* BRIEF *
If an entry below contains an image, drop the image and retype the rest exactly.

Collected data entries

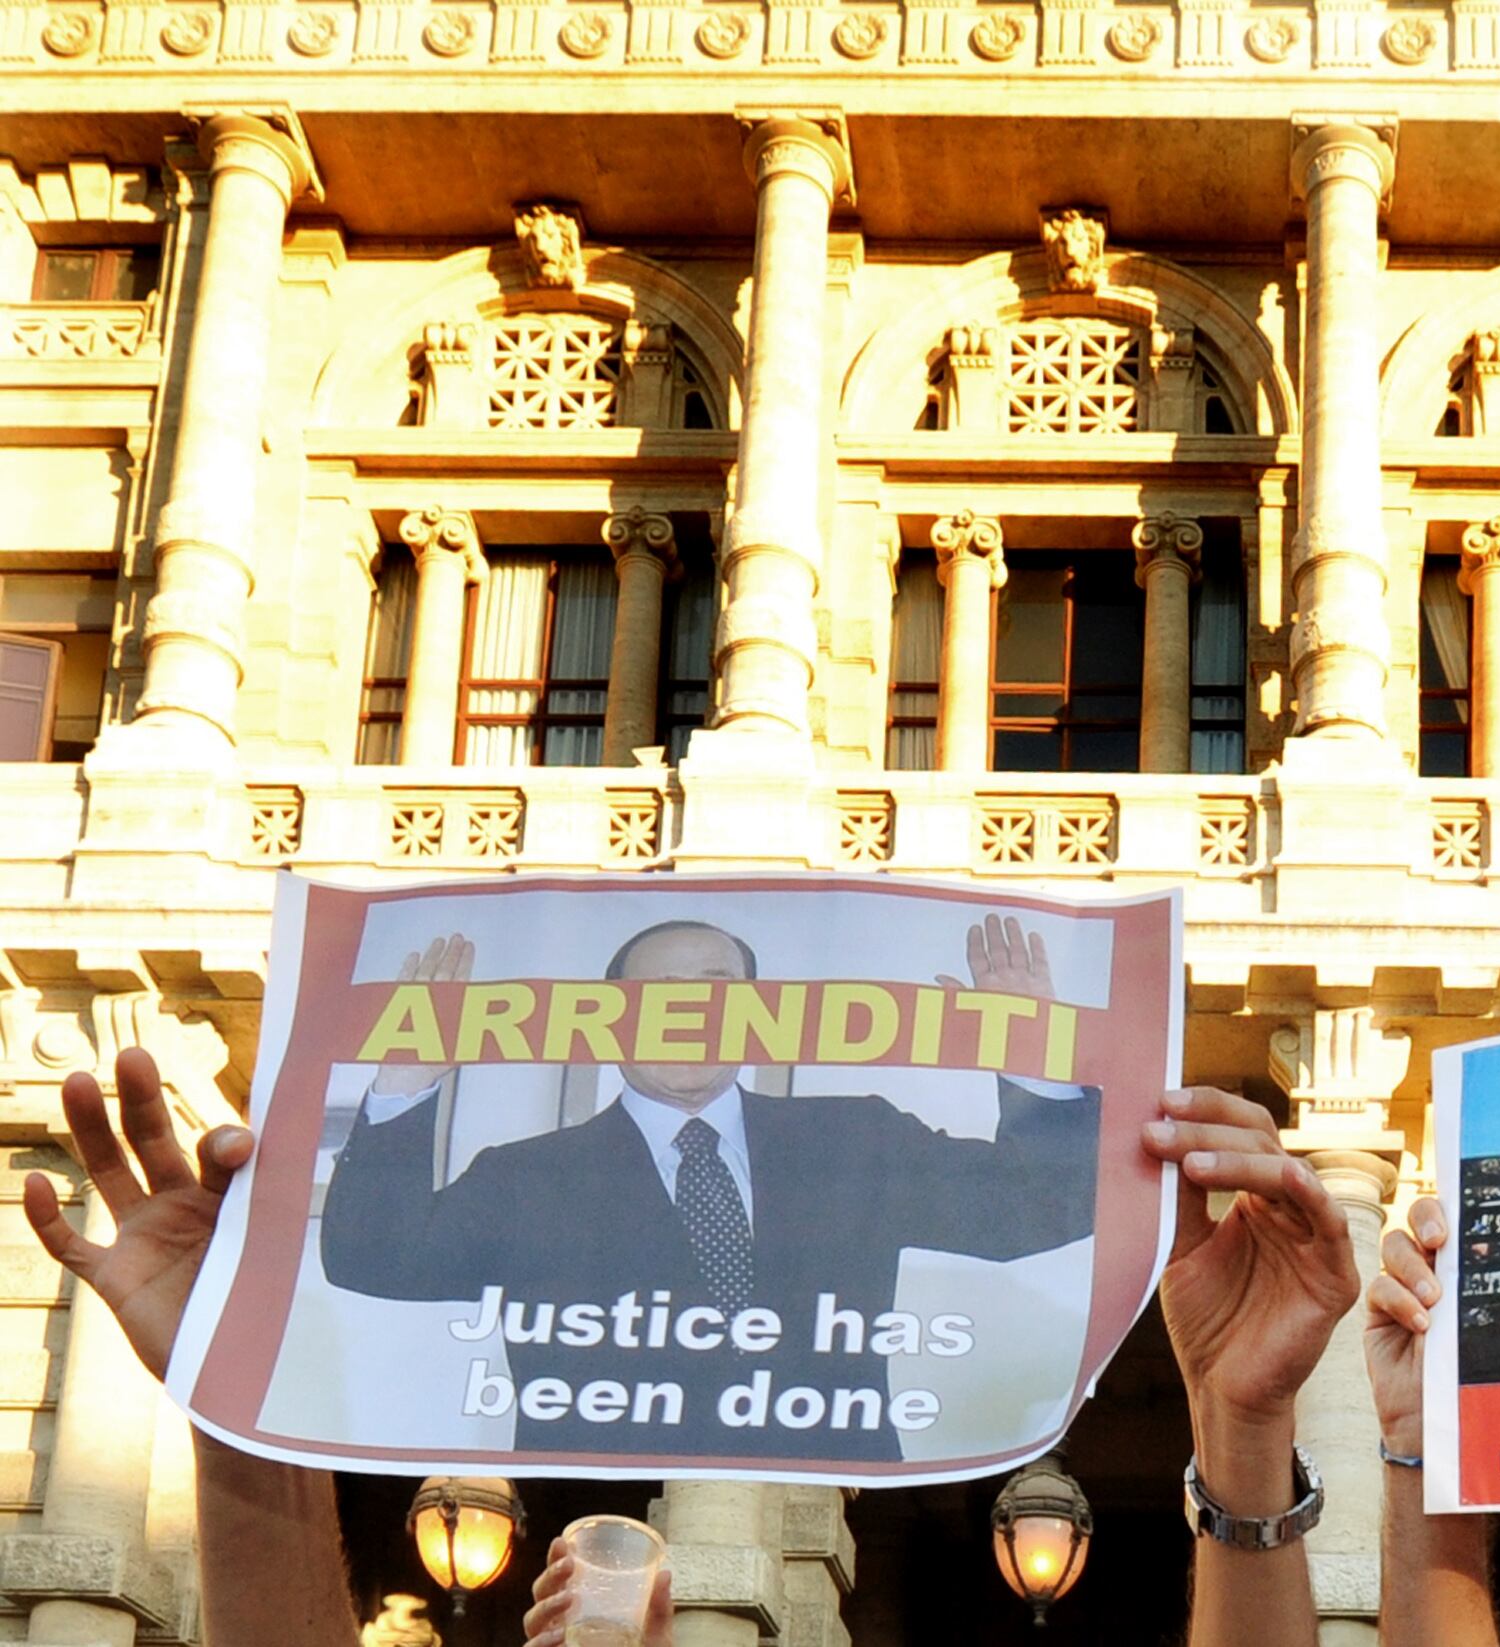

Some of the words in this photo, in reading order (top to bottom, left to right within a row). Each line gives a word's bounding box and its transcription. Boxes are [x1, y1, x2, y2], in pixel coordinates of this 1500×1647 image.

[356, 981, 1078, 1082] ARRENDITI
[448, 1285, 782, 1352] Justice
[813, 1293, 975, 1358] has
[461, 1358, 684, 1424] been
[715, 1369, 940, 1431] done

* ANSWER SECTION *
Some of the words in this photo, in reading order (top to bottom, left to right within a row). Each line gives a word's bounding box and its transcription. Boxes are [x1, y1, x2, y2], in pixel coordinates of this 1500×1647 image.

[356, 981, 1078, 1082] ARRENDITI
[448, 1285, 782, 1352] Justice
[813, 1293, 975, 1358] has
[461, 1358, 684, 1424] been
[715, 1369, 940, 1431] done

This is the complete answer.